## Action item
Print all of the entries exactly, minus the pictures.
Top of Data supplied
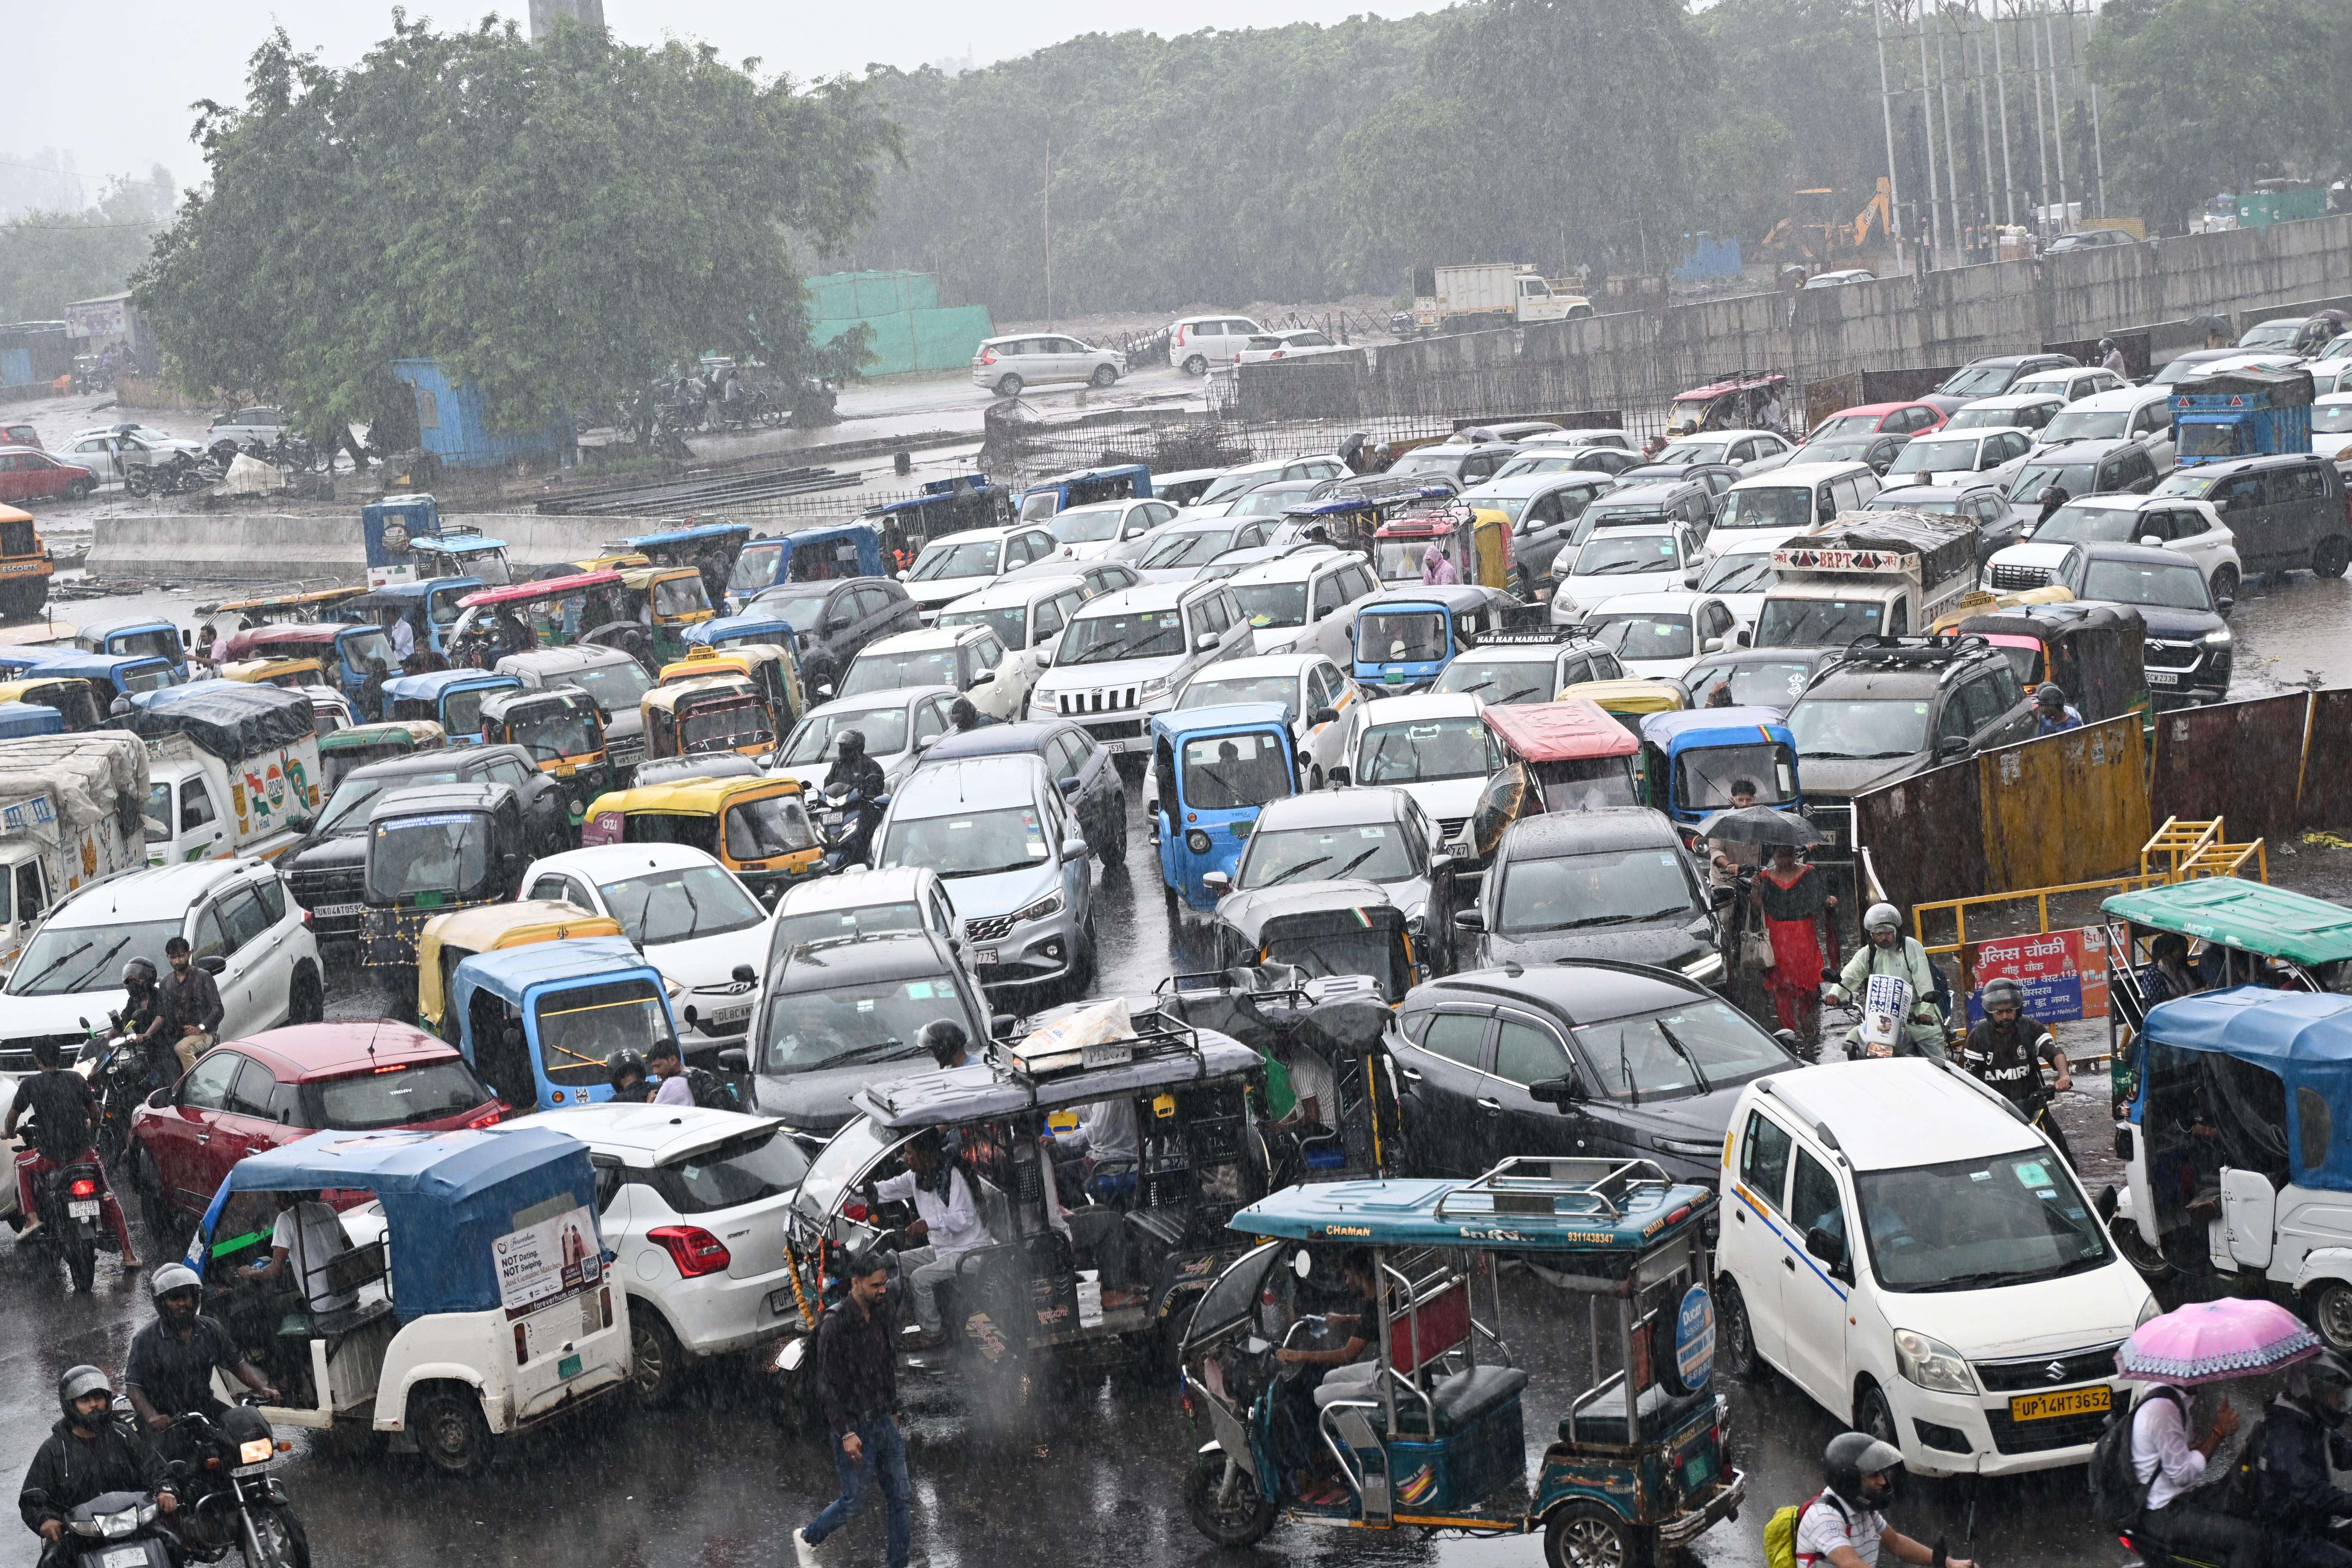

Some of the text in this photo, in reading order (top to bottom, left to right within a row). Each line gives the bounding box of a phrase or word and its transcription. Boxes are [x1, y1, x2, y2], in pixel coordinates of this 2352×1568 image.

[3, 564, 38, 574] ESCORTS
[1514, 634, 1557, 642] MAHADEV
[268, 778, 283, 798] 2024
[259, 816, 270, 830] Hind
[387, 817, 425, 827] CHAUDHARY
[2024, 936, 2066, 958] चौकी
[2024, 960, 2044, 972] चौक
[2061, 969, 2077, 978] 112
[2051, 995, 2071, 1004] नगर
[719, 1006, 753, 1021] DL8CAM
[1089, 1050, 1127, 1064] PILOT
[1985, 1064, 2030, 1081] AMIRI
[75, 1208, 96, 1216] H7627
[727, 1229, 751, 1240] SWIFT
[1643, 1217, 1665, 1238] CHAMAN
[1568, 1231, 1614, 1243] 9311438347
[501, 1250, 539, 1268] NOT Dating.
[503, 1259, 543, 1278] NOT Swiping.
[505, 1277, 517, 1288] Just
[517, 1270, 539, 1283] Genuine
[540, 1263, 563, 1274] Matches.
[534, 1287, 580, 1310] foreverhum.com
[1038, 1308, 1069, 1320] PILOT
Bottom of Data supplied
## Exercise response
Some of the text in this photo, in reading order (top to bottom, left to right within a row). Each line gives the bounding box of a phrase or word and its transcription. Boxes are [x1, y1, x2, y2], in pixel coordinates of this 2352×1568 image.

[3, 564, 38, 574] ESCORTS
[1514, 634, 1557, 642] MAHADEV
[268, 778, 283, 798] 2024
[259, 816, 270, 830] Hind
[387, 817, 425, 827] CHAUDHARY
[2024, 936, 2066, 958] चौकी
[2024, 960, 2044, 972] चौक
[2061, 969, 2077, 978] 112
[2051, 995, 2071, 1004] नगर
[719, 1006, 753, 1021] DL8CAM
[1089, 1050, 1127, 1064] PILOT
[1985, 1064, 2030, 1081] AMIRI
[75, 1208, 96, 1216] H7627
[727, 1229, 751, 1240] SWIFT
[1643, 1217, 1665, 1238] CHAMAN
[1568, 1231, 1614, 1243] 9311438347
[501, 1250, 539, 1268] NOT Dating.
[503, 1259, 543, 1278] NOT Swiping.
[505, 1277, 517, 1288] Just
[517, 1270, 539, 1283] Genuine
[540, 1263, 563, 1274] Matches.
[534, 1287, 580, 1310] foreverhum.com
[1038, 1308, 1069, 1320] PILOT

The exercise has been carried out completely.